(Spatial localization data)

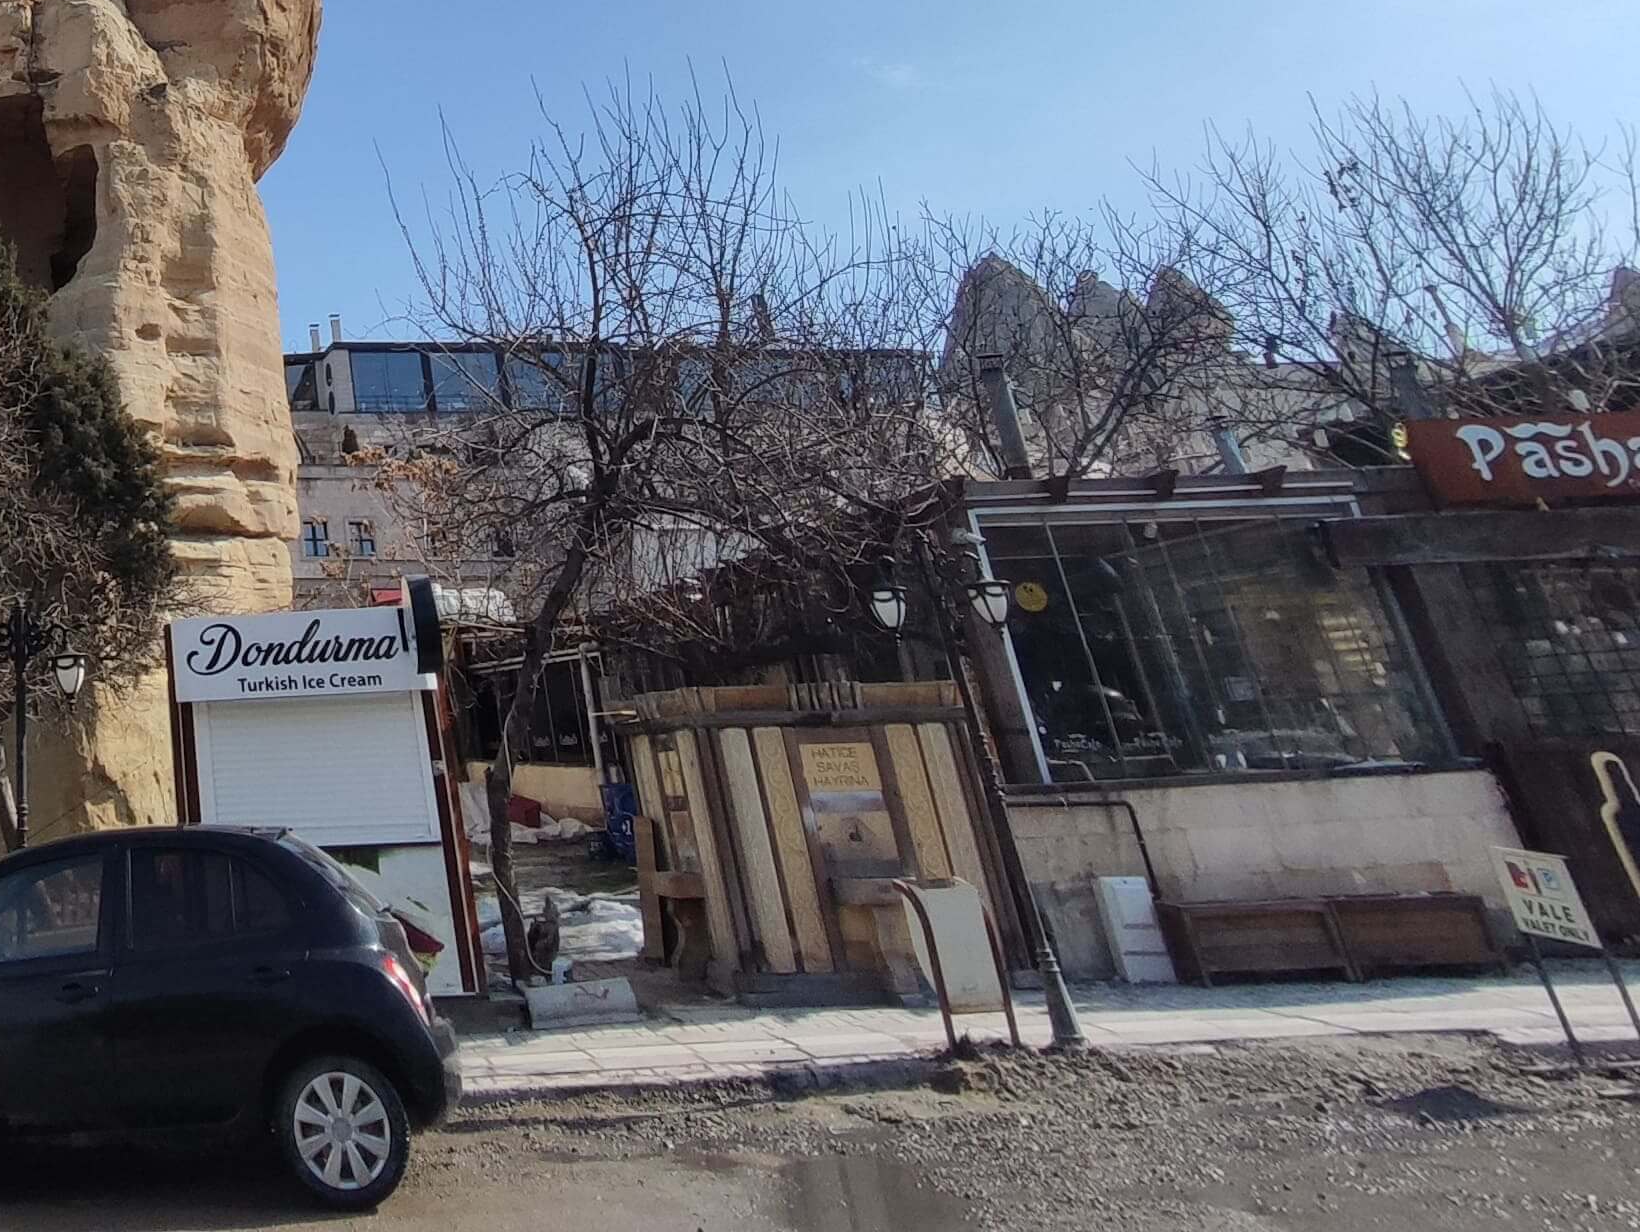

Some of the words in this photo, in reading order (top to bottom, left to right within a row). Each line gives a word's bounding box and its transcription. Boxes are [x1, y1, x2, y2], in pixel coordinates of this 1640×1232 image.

[1456, 421, 1640, 487] Pash
[186, 618, 399, 676] Dondurma
[238, 676, 298, 693] Turkish
[302, 675, 325, 689] Ice
[329, 672, 383, 688] Cream
[1521, 898, 1576, 924] VALE
[1521, 917, 1557, 935] VALET
[1559, 924, 1591, 943] ONLY
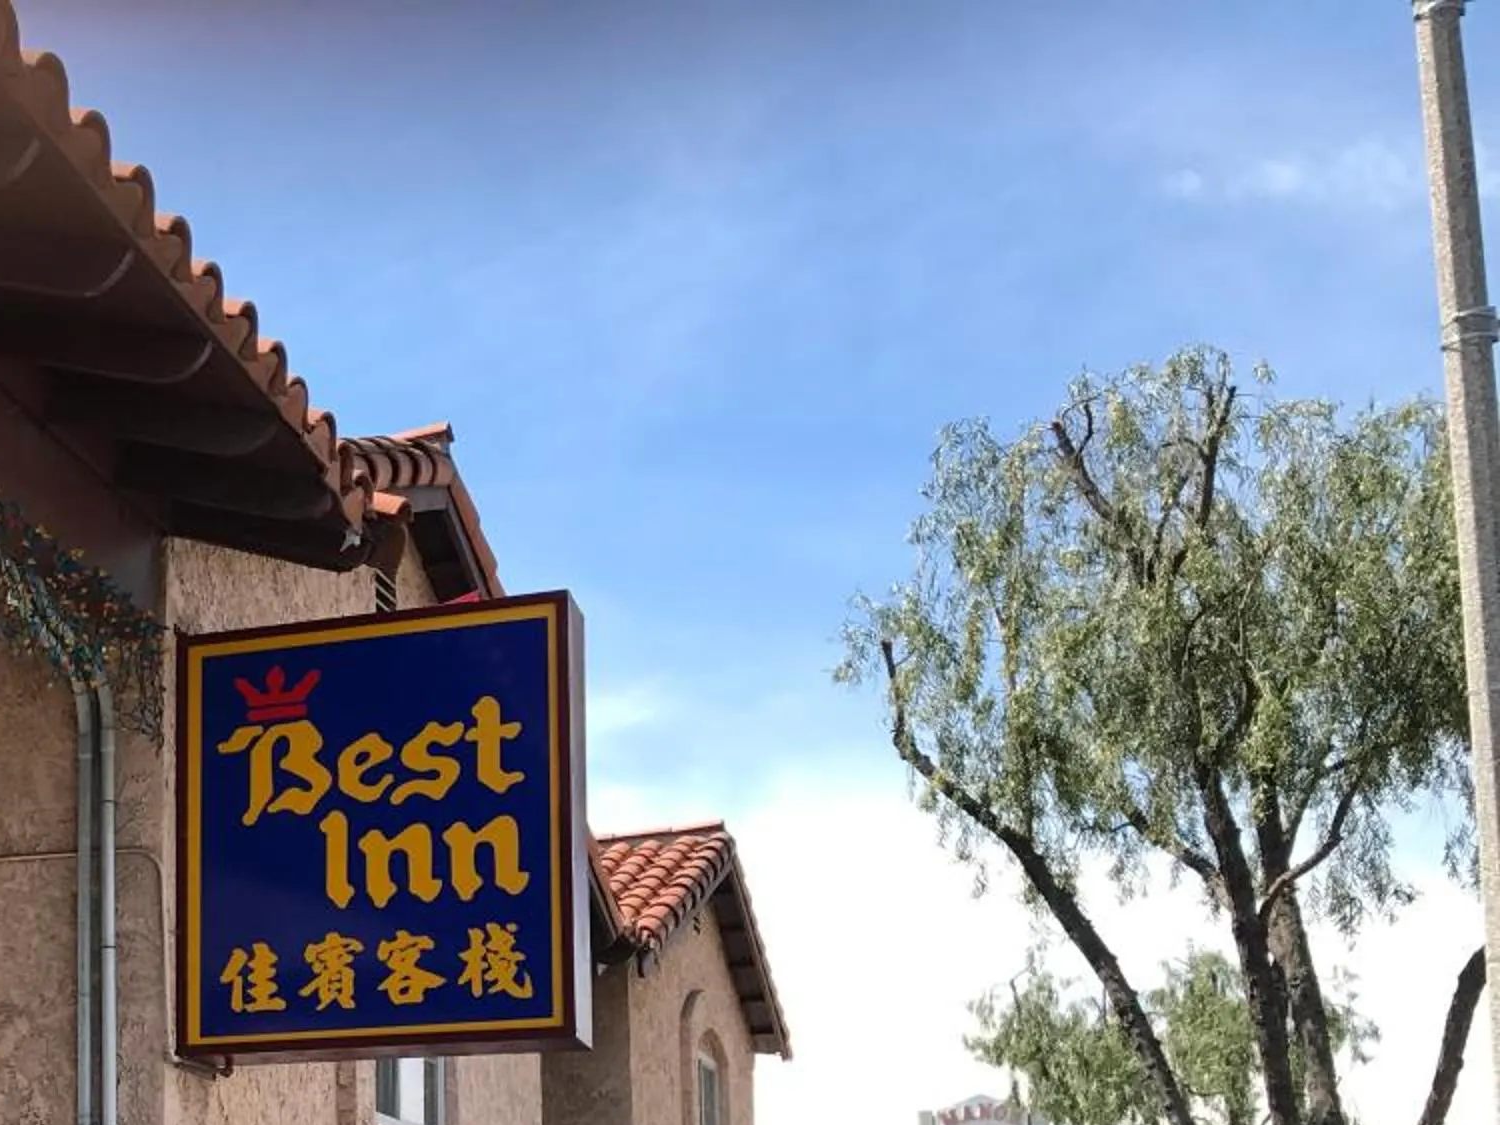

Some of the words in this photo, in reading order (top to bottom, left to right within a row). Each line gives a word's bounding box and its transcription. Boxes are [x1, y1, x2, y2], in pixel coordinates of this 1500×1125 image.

[217, 696, 525, 827] Best
[319, 810, 530, 909] Inn
[219, 922, 534, 1013] 佳賓客棧

▶ Work request
Exact copy, no pictures: reproduce every entry shown above.

▶ Written response
Some of the words in this photo, in reading order (top to bottom, left to right within a row). Each line gives a word's bounding box and its transcription. Boxes are [x1, y1, x2, y2], in pixel coordinates of this 1640×1232 image.

[1456, 421, 1640, 487] Pash
[186, 618, 399, 676] Dondurma
[238, 676, 298, 693] Turkish
[302, 675, 325, 689] Ice
[329, 672, 383, 688] Cream
[1521, 898, 1576, 924] VALE
[1521, 917, 1557, 935] VALET
[1559, 924, 1591, 943] ONLY

Some of the words in this photo, in reading order (top to bottom, left to right within a row). Each line gives a word's bounding box and its transcription. Boxes are [x1, y1, x2, y2], in pixel coordinates of this 1500×1125 image.

[217, 696, 525, 827] Best
[319, 810, 530, 909] Inn
[219, 922, 534, 1013] 佳賓客棧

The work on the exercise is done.